Tattooed on Shawn Johnson’s right forearm are the words “Grace with humility,” a Bible verse she has come to love. I could not see these words from my seat in the middle of Eisenhower auditorium, but after a student asked her about the tattoo on her arm, she swayed her right arm and spoke the words with a shy smile. Grace with humility. Although I could not see the ink on her arm, I could see how the message defines her life – and it allowed me to see why she chooses to share her story with others.
Olympic gymnast Shawn Johnson competed in the 2008 Olympic Games in Beijing, China, earning an individual gold medal in the balance beam and three silver medals in the individual all-around, floor exercise and team categories (Student Programming Association). This past Wednesday, I had the privilege of hearing Johnson present to Penn State students and community members about being true to yourself and being proud of yourself.
Johnson relayed her message through the stories of her four most defining moments: being bullied in school, winning the silver medal on the all-around, deciding to retire, and becoming involved in charity. Shawn, a shy child with biceps and a six-pack was teased and reviled by peers who called her a boy. She expressed that throughout high school she was given every derogatory label in the book. The teasing and exclusion caused Johnson to question if there was something wrong with her that would make her receive such harsh treatment. All of her life, she seemed to do things a little differently than others expected, and in the face of ridicule, Johnson decided to be happy with who she was. With encouraging words from her mother, Johnson remained true to who she was – and she continues to choose her own path today. She emphatically told us: “The best thing you can do in your entire life is to stop trying to be who everyone wants you to be. The best thing you can do in your entire life is to be who you want to be.”
Amidst a rough school climate, Johnson shocked her classmates when she went to the 2008 Olympic games. At the age of 16 Johnson learned to see herself and her accomplishments through her own eyes. While every major newspaper and media outlet had pegged Johnson on bringing home four gold medals, Johnson faced a defining moment in her life when she received the silver medal in the all-around. She felt as if she had let everyone down. She felt like a disappointment. Immediately following the awards, she was pushed through to press conference after press conference, and every reported asked the question: “How does it feel to lose?” Well, instead of responding abrasively to such a rude question, Johnson told reporters that she did not lose; she won the silver medal. She also continued to say that she is proud of her teammate Nastia who took home the gold. To this day, Johnson would not have changed one thing from her performance – because she gave everything she had and she performed for herself.
Seconds before the all-around event, she calculated the scores and realized that she did not have a chance to win the gold medal.

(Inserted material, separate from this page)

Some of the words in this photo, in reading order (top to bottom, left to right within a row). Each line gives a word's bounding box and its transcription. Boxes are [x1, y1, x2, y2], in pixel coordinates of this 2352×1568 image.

While her first thought was that she was a disappointment, she stepped back and told herself, “if you can’t win the gold medal, go out there and compete like you deserve it,” and that is exactly what she did.
Johnson lives out grace with humility. She didn’t claim that the judges were crazy. She didn’t say that she should have won. She didn’t buy into the media’s view of success. She gracefully and humbly embraced her performance. She supported Nastia in her victory. She gave grace to the heckling reporters. She knew she gave the best performance of her life and was proud, without claiming the slightest superiority over others.

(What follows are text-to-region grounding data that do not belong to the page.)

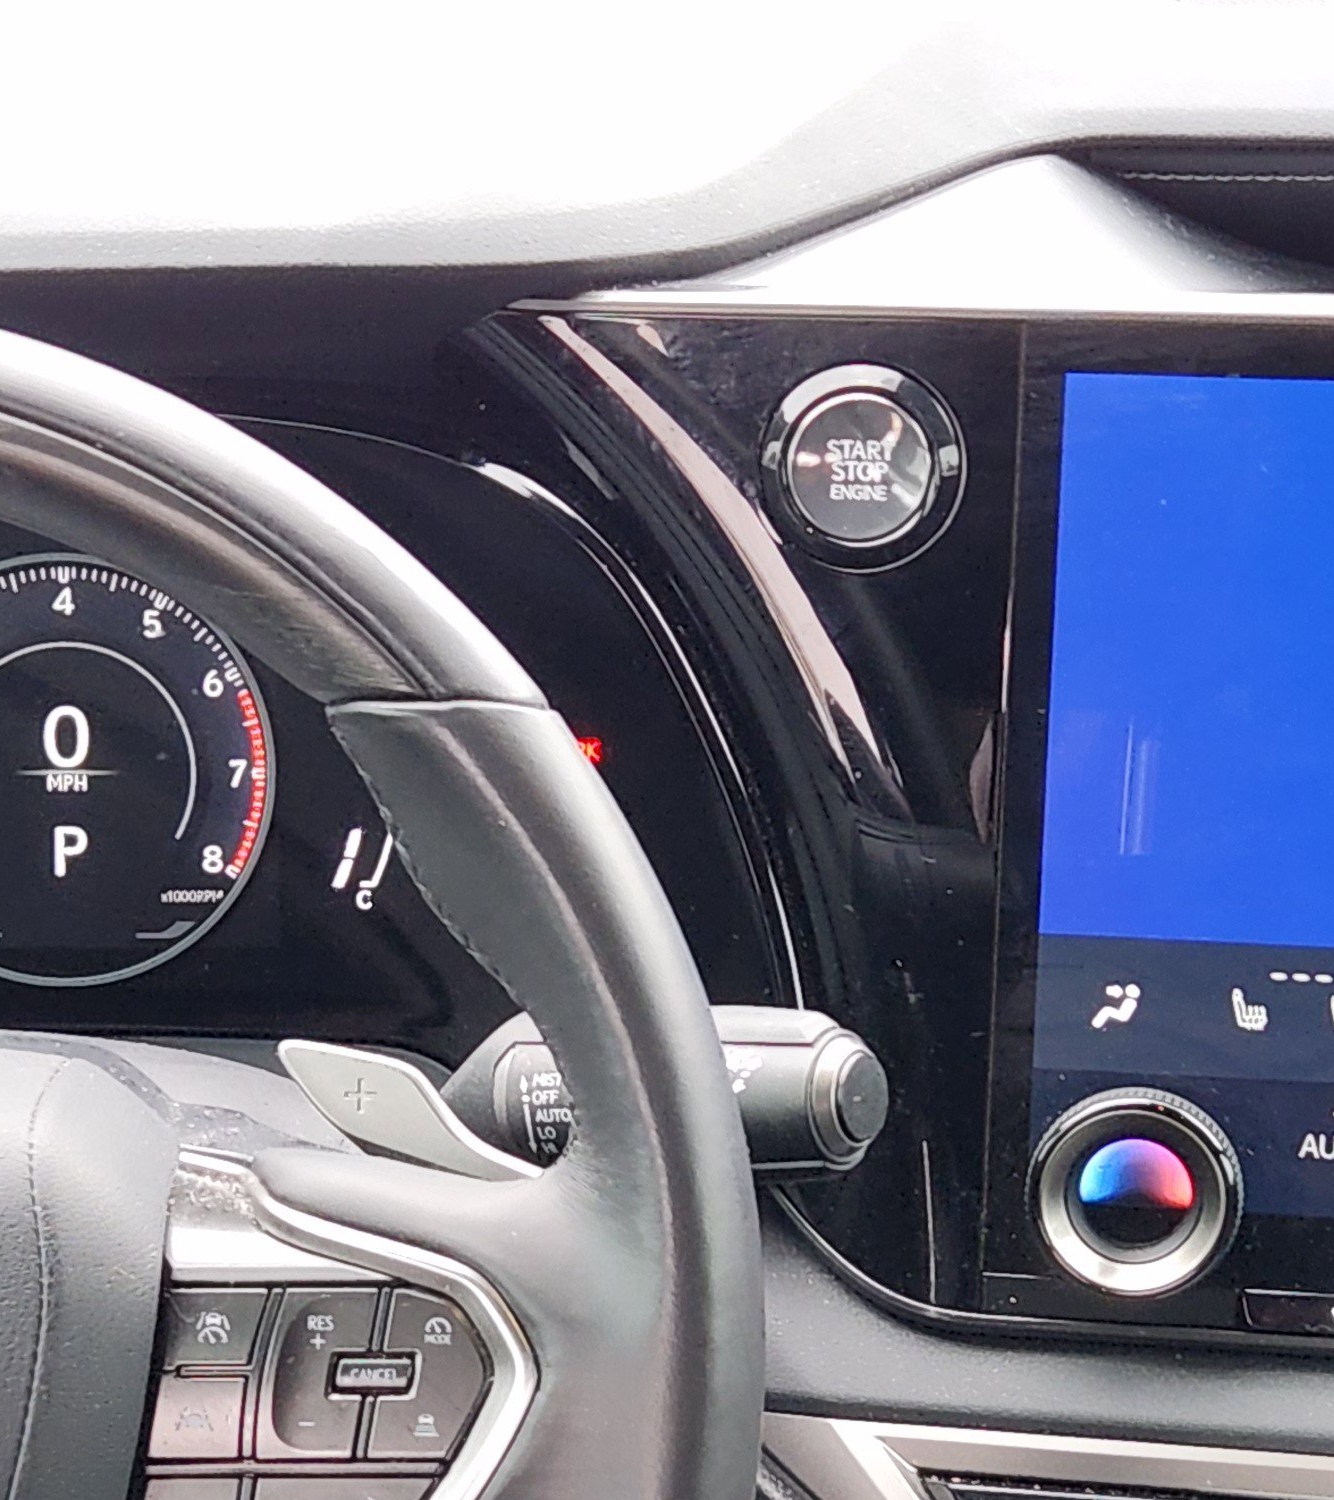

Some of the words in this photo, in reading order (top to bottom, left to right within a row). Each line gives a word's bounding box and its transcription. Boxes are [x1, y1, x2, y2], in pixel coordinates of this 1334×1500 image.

[826, 438, 892, 461] START
[830, 461, 891, 482] STOP
[829, 484, 888, 502] ENGINE
[52, 588, 75, 615] 4
[142, 611, 164, 638] 5
[203, 670, 224, 697] 6
[43, 705, 89, 768] 0
[46, 774, 88, 792] MPH
[228, 760, 248, 789] 7
[53, 825, 88, 877] P
[202, 845, 224, 873] 8
[355, 890, 373, 910] C
[532, 1089, 560, 1106] OFF
[535, 1107, 572, 1123] AUTO
[536, 1125, 557, 1140] LO
[306, 1315, 335, 1332] RES
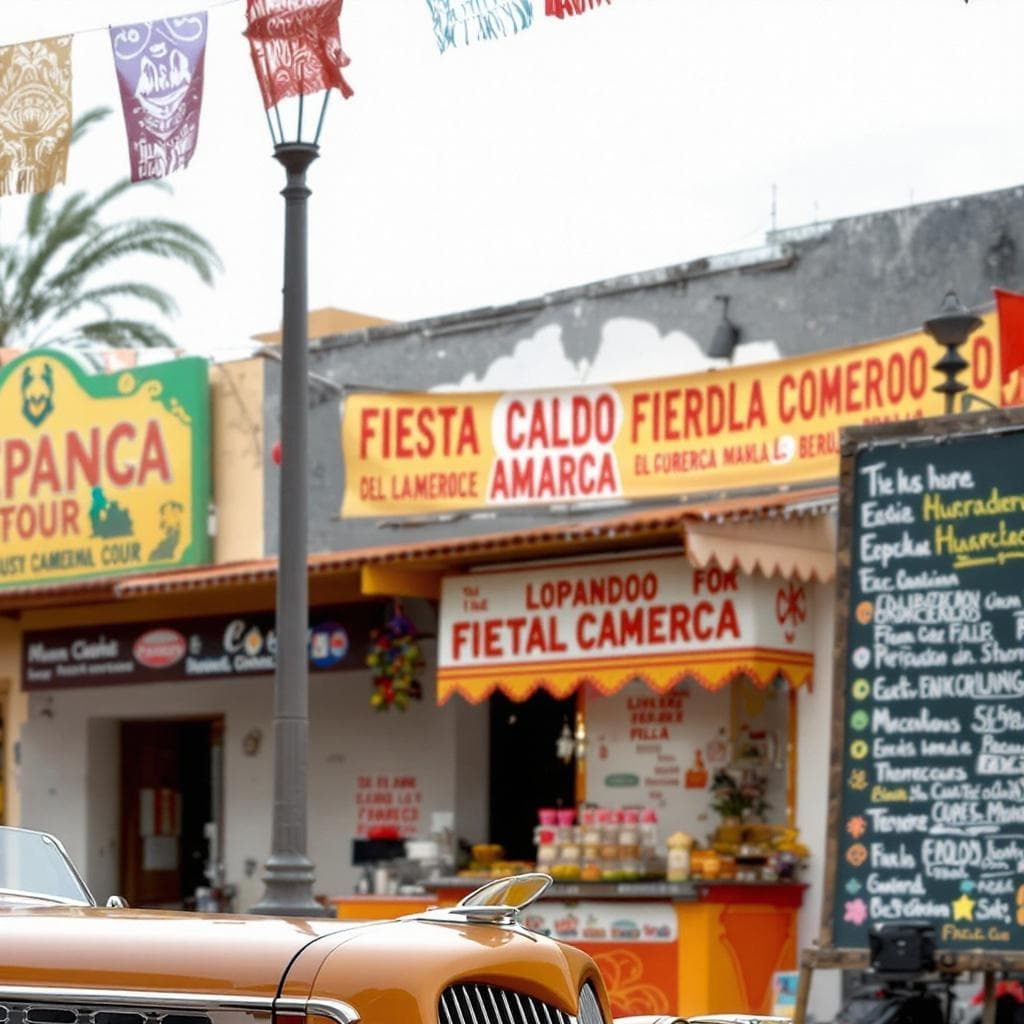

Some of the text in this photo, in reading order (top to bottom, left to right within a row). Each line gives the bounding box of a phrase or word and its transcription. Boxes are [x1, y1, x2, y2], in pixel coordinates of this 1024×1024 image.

[359, 405, 480, 460] FIESTA
[506, 393, 616, 450] CALDO
[631, 379, 767, 444] FIERDLA
[778, 346, 928, 424] COMEROO
[490, 453, 617, 499] AMARCA
[0, 499, 80, 543] TOUR
[526, 572, 658, 611] LOPANDOO
[452, 616, 568, 660] FIETAL
[576, 598, 741, 650] CAMERCA

A man I worked with over the summer once told me, “strong people aren’t arrogant.” While we were having a conversation about job interviews, his statement about strength stuck out to me. He explained that if you are truly strong, you already know your strengths and you don’t need to tell others. His message and Johnson’s story convey what I too have come to believe: strong people are people who know their strengths and values, and who use their energy to support others.

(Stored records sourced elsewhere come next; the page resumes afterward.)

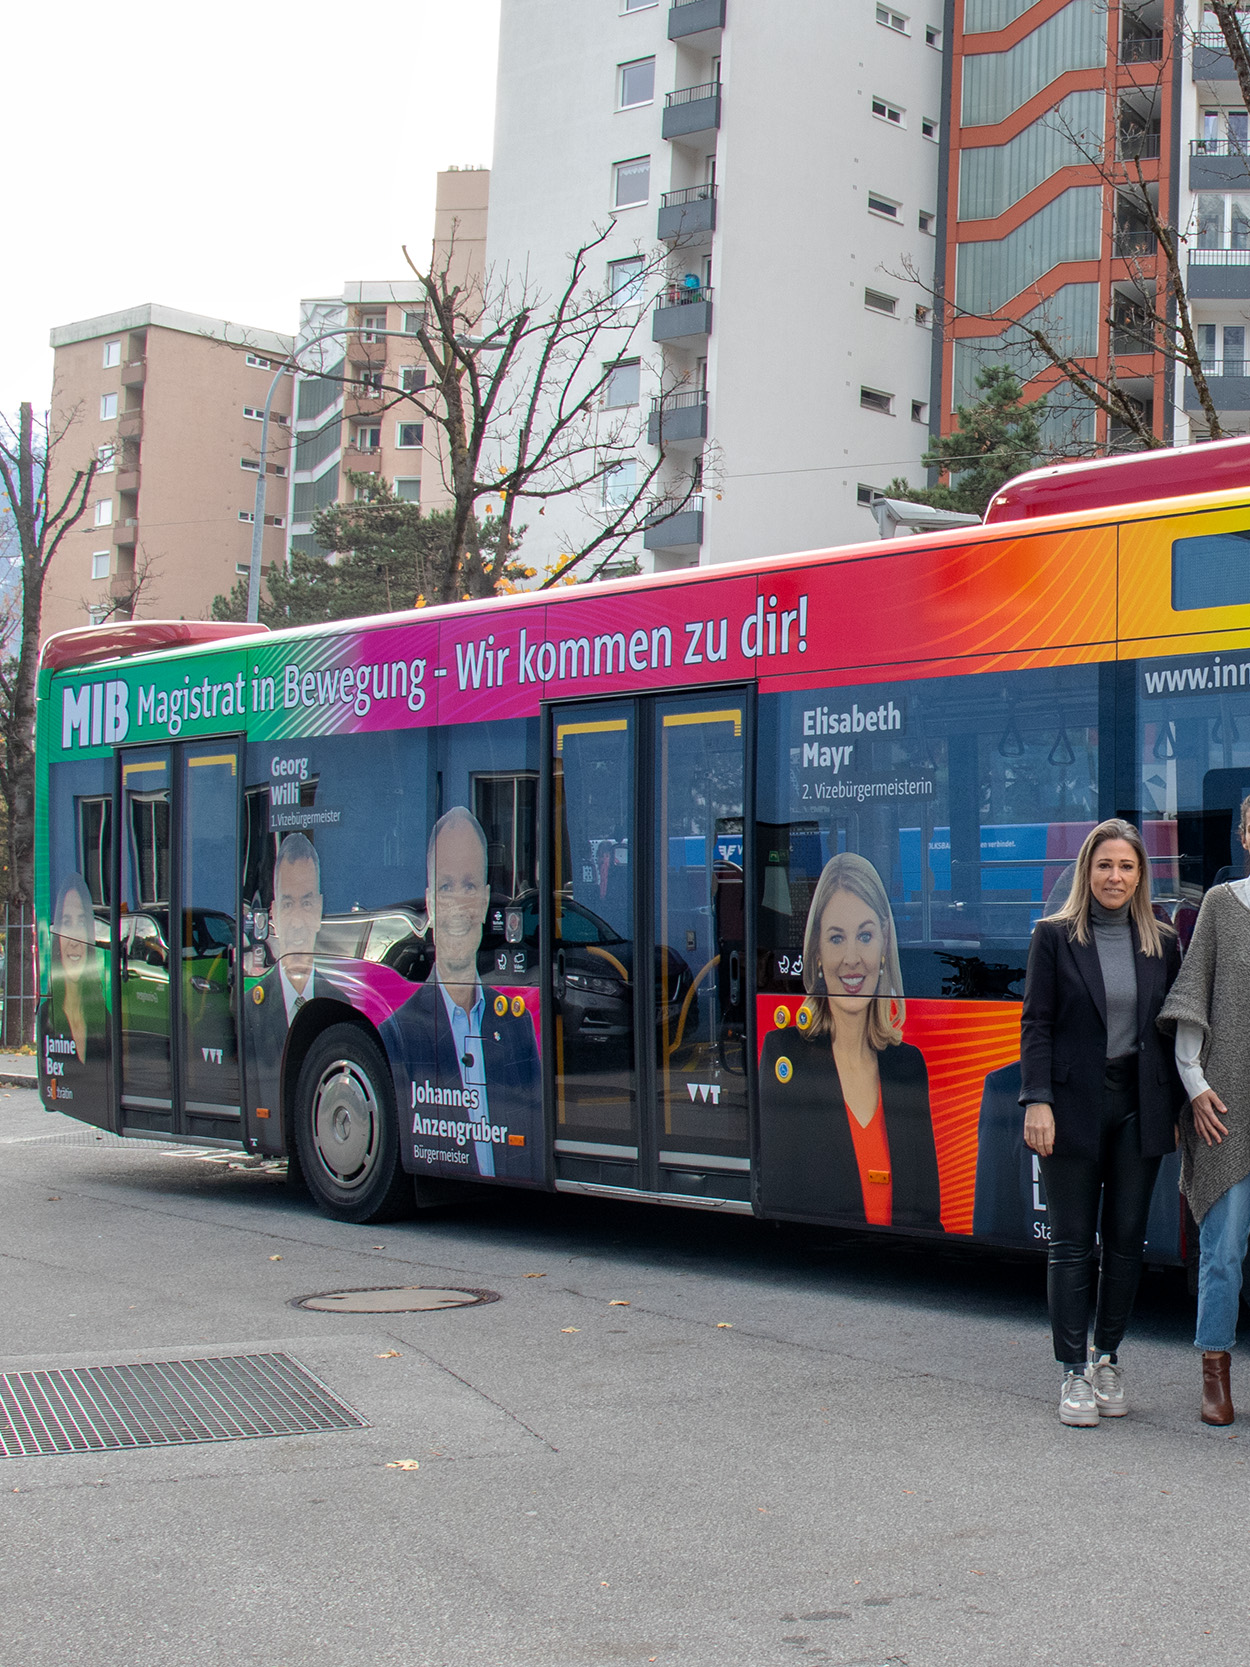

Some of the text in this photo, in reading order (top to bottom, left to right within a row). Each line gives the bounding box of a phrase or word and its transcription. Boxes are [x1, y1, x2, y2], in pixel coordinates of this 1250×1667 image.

[137, 593, 808, 736] Magistrat in Bewegung - Wir kommen zu dir!
[62, 679, 131, 749] MIB
[803, 701, 901, 736] Elisabeth
[271, 756, 309, 780] Georg
[803, 742, 853, 774] Mayr
[271, 781, 300, 806] Willi
[802, 776, 933, 802] 2. Vizebürgermeisterin
[45, 1034, 77, 1057] Janine
[46, 1058, 64, 1077] Bex
[411, 1080, 479, 1109] Johannes
[686, 1083, 721, 1105] VVT
[412, 1112, 508, 1147] Anzengruber
[413, 1144, 470, 1165] Bürgermeister

Johnson truly is an inspiration to me. Her life of “grace with humility” is a powerful force in the world. As she continues her countless philanthropic efforts and works toward her degree in Sports Psychology and Nutrition from Vanderbilt, I know that she will continue to show her strength by supporting others. So what is it that makes you YOU? What is your true strength? How will you act to utilize your talents to support others? We all can choose to celebrate our own silver medal.
Student Programming Association. Shawn Johnson. N.p.: n.p., 2013. Print.